Since the very beginning of his career, Martin Scorsese has been making a name for himself as the king of the crime drama. Ruling the ‘80s and ‘90s with classic movies such as Raging Bull, Goodfellas, and Casino, the director quickly became many audiences’ complete authority on the genre. Whilst many like to complain that Scorsese’s movies all follow a signature formula that’s more or less the same, he’s constantly working to reinvent his style and provide fans with thrilling stories that might seem similar on the surface, but actually explore a wide selection of complex themes and commentaries. The Departed is one of those films, blending all the best aspects of his greatest successes but never stooping low enough to be a formulaic copy of any single project.
At the heart of The Departed are two protagonists, a corrupt police officer named Colin Sullivan (Matt Damon) and an undercover state trooper named Billy Costigan (Leonardo DiCaprio). Despite their hidden identities, the pair quickly find themselves in desperate search of one another – each individual attempting to expose the lies and undercover status of the other. Meanwhile, powerful mob lord Frank Costello (Jack Nicholson) attempts to maintain his operations in Boston whilst upholding the secrecy of his mole in the police force – whilst Officer Costigan secretly works his way into Costello’s ranks.
It’s an exhilarating game of secrecy and deception, told from several different perspectives that know almost nothing about each other. It’s obviously not the first ‘undercover cop’ story ever told, but the film’s sharp screenplay maintains a level of intensity and mystery that makes it feel completely new and unprecedented. None of the characters know the same information as any of the others, which makes for a viewing experience full of excitement, frustration, and adoration at Scorsese’s ability to weave such an intricate narrative web.
It may not strictly be Scorsese’s best film to date, but there’s no denying that it’s one of his most entertaining. Twists and turns arise constantly as every scene morphs into an important puzzle piece, allowing the audience to play this game alongside the characters and watch this complex story unravel before their eyes. The stakes are constantly sky-high, and the charismatic performances from DiCaprio, Nicholson and Damon ensure that even the most uneventful scenes are thrilling to watch. Scorsese knows exactly how to play with tension and apprehension in the most exciting ways, which is why so many audiences (and critics) fell in love with this project upon its release almost 20 years ago. The world’s adoration and appreciation of The Departed were also proven at the Academy Awards, where Scorsese picked up the first Best Picture and Best Director Oscars of his career.

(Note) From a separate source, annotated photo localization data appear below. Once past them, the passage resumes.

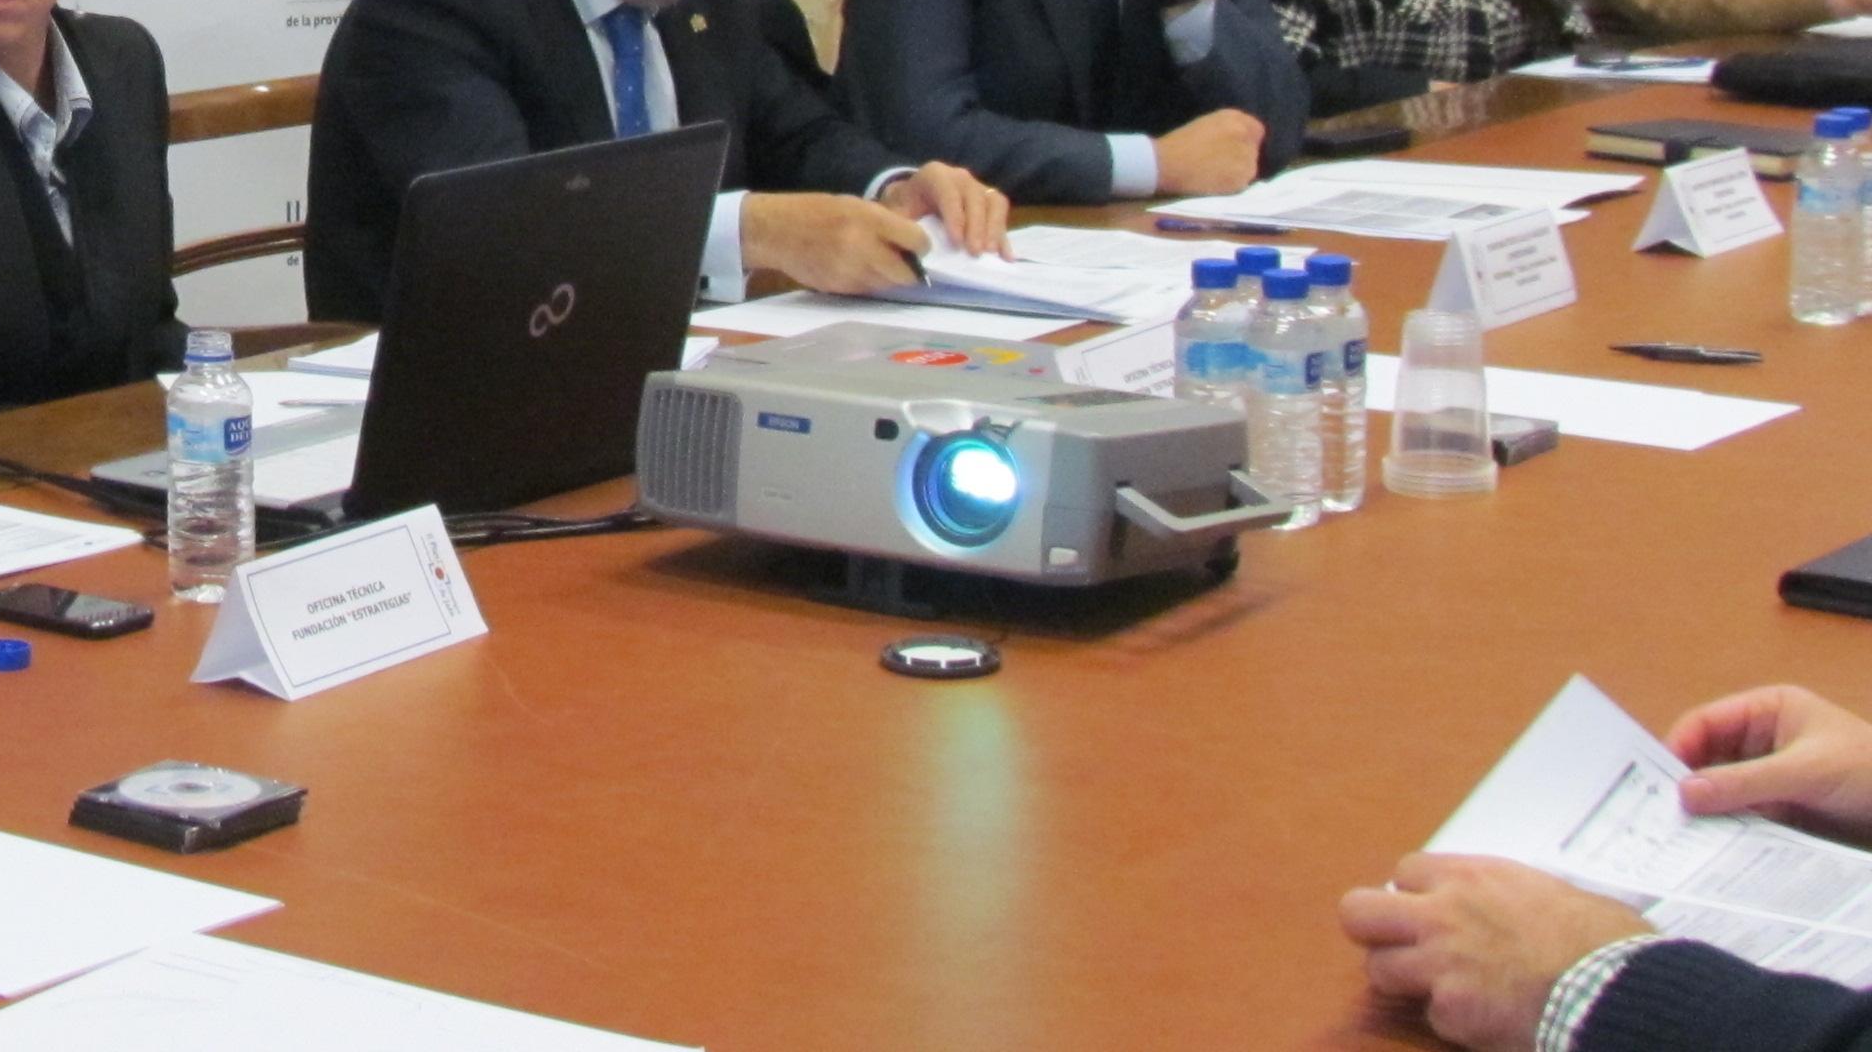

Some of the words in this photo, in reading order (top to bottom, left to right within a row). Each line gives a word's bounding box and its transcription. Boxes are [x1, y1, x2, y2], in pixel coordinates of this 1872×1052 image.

[286, 15, 299, 27] de
[302, 15, 311, 27] la
[307, 593, 347, 615] OFICINA
[347, 580, 386, 604] TÉCNICA
[291, 615, 348, 641] FUNDACIÓN

However, saying that The Departed is Scorsese’s most fun and most entertaining movie shouldn’t distract from the fact that it’s also brimming with complex ideas and philosophies. He puts the very concepts of crime, justice, and authority on trial, using his filmmaking prowess to draw in the audience and then injecting these poignant concepts into their own thoughts. By utilizing an undercover cop and an undercover criminal, Scorsese blurs the distinctions between good and evil, proving that most people don’t fit comfortably in either superfluous box. The world is full of moral ambiguity – and it’s often our intrinsic need to characterize good and evil that perverts our justice system beyond the point of repair.

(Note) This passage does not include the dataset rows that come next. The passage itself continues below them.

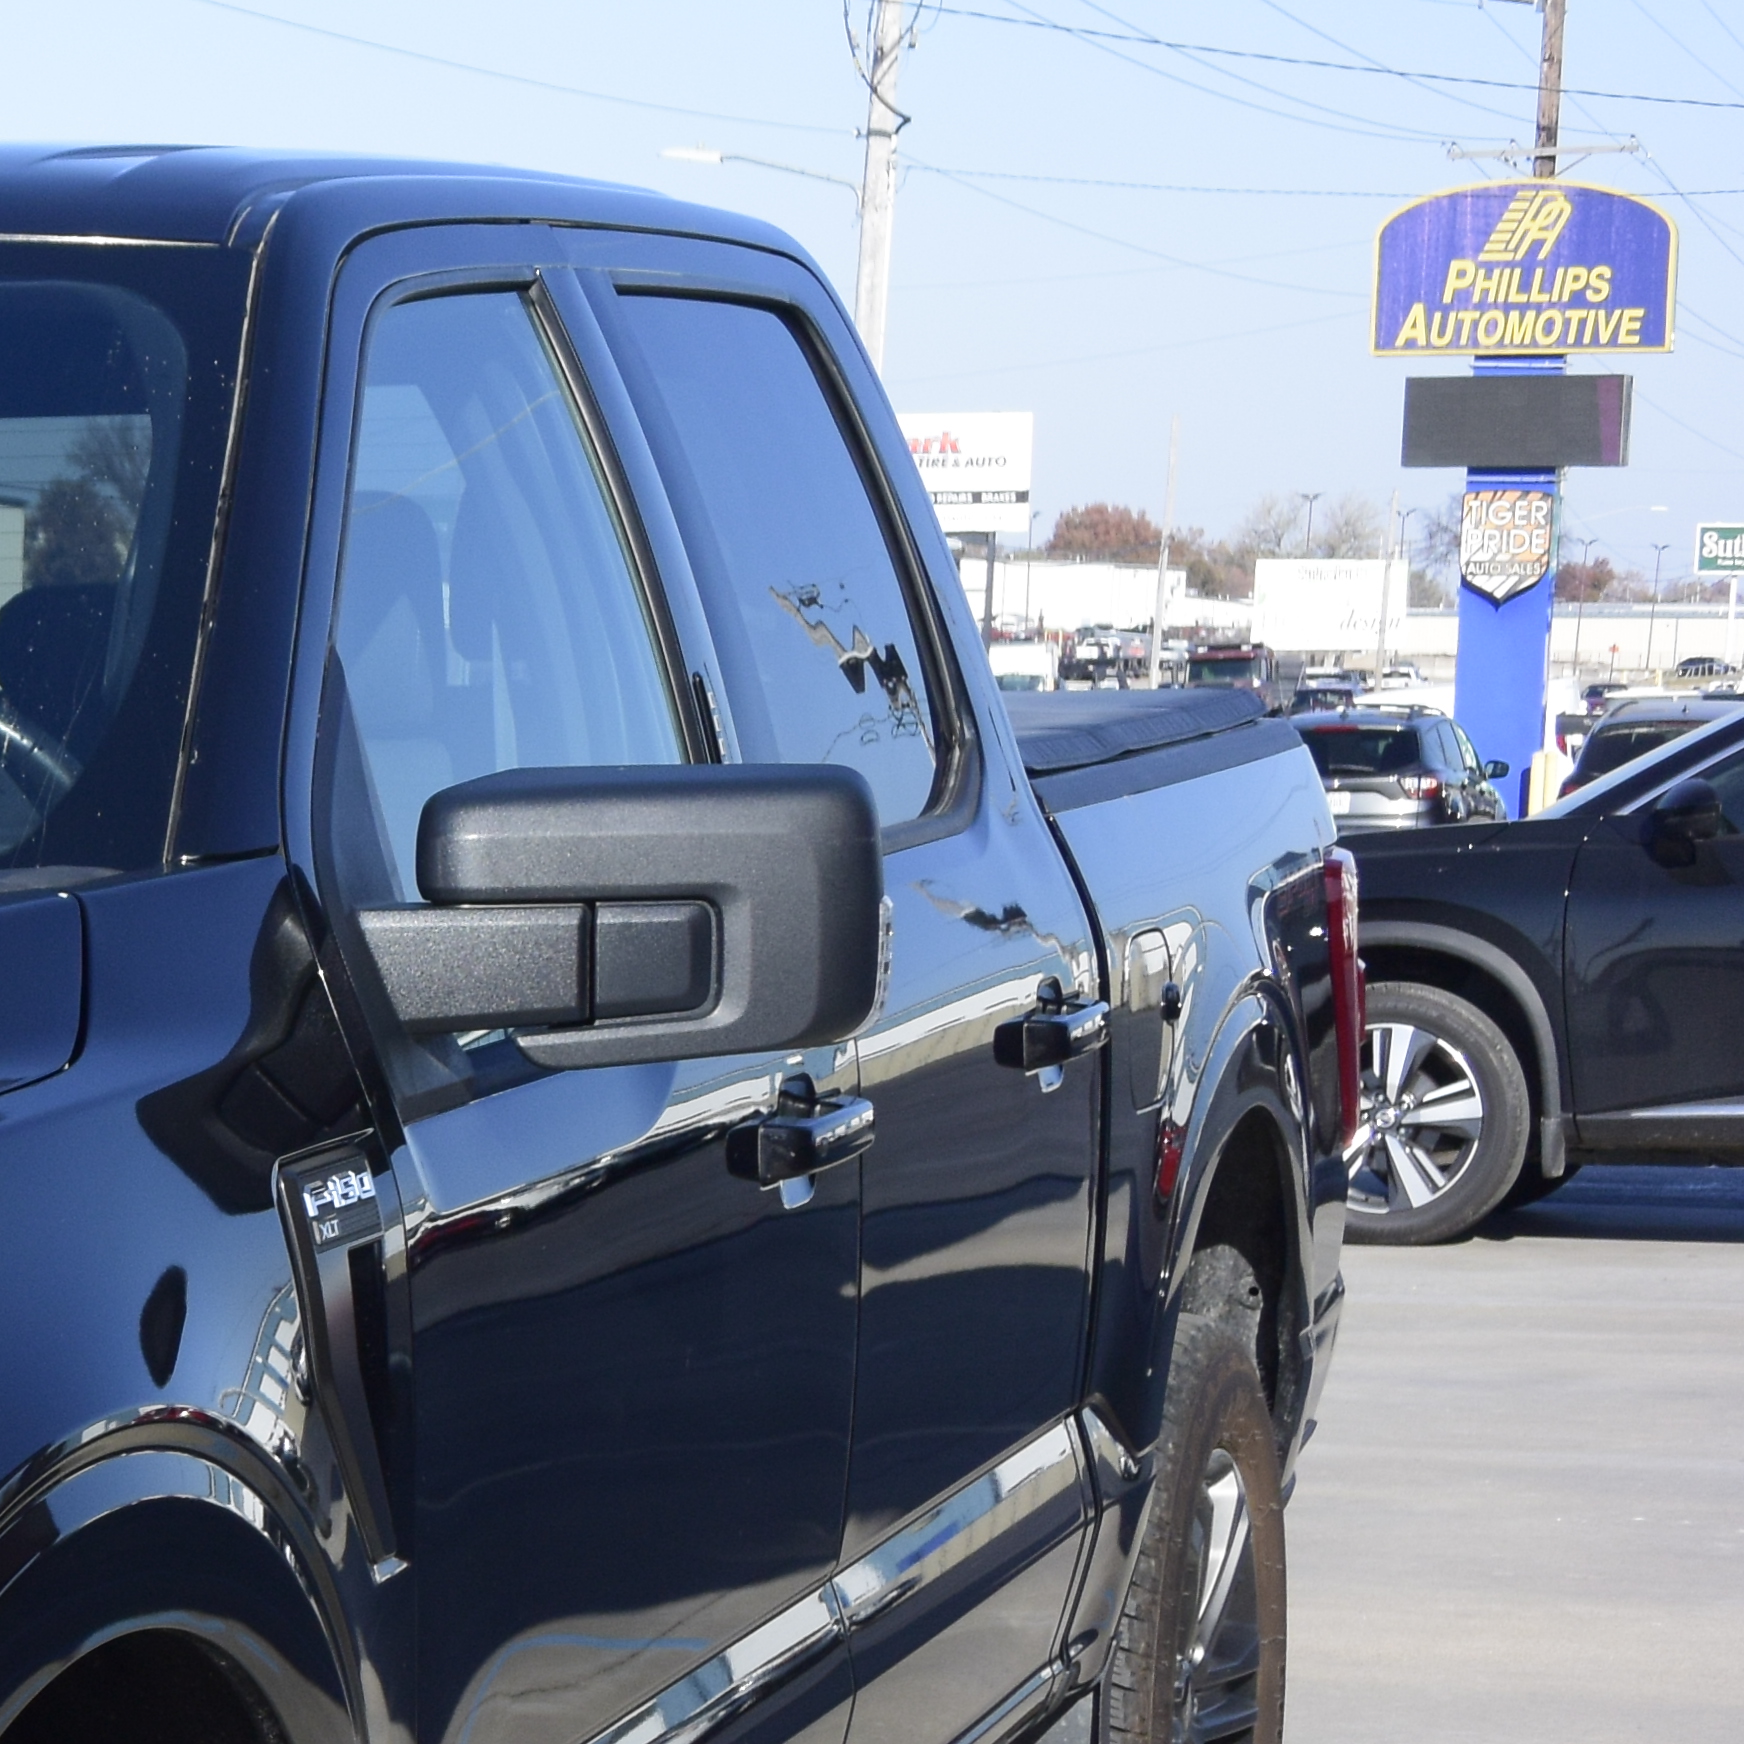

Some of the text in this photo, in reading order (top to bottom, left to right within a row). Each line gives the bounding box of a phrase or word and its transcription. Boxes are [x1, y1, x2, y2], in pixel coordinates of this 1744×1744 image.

[1442, 259, 1612, 304] PHILLIPS
[1394, 302, 1645, 347] AUTOMOTIVE
[918, 457, 948, 468] TIRE
[965, 456, 1007, 468] AUTO
[1468, 500, 1548, 526] TIGER
[1466, 529, 1546, 554] PRIDE
[1702, 530, 1744, 558] Sut
[1467, 562, 1541, 575] AUTO SALES
[318, 1219, 341, 1241] XLT

Whether you’re just there for the surface thrills or you’re looking to indulge yourself in a richly thought-provoking narrative, it’s really hard to go wrong with The Departed. Scorsese’s crime drama is both similar and completely different from anything he’d ever done before, and somehow that’s better than either being one or the other. He brings the familiarity of the crime genre without rehashing anything that’s ever been done before, and provides a completely fresh narrative without depriving audiences of the style and substance that they already love.
The Departed is now available to watch on digital and on demand.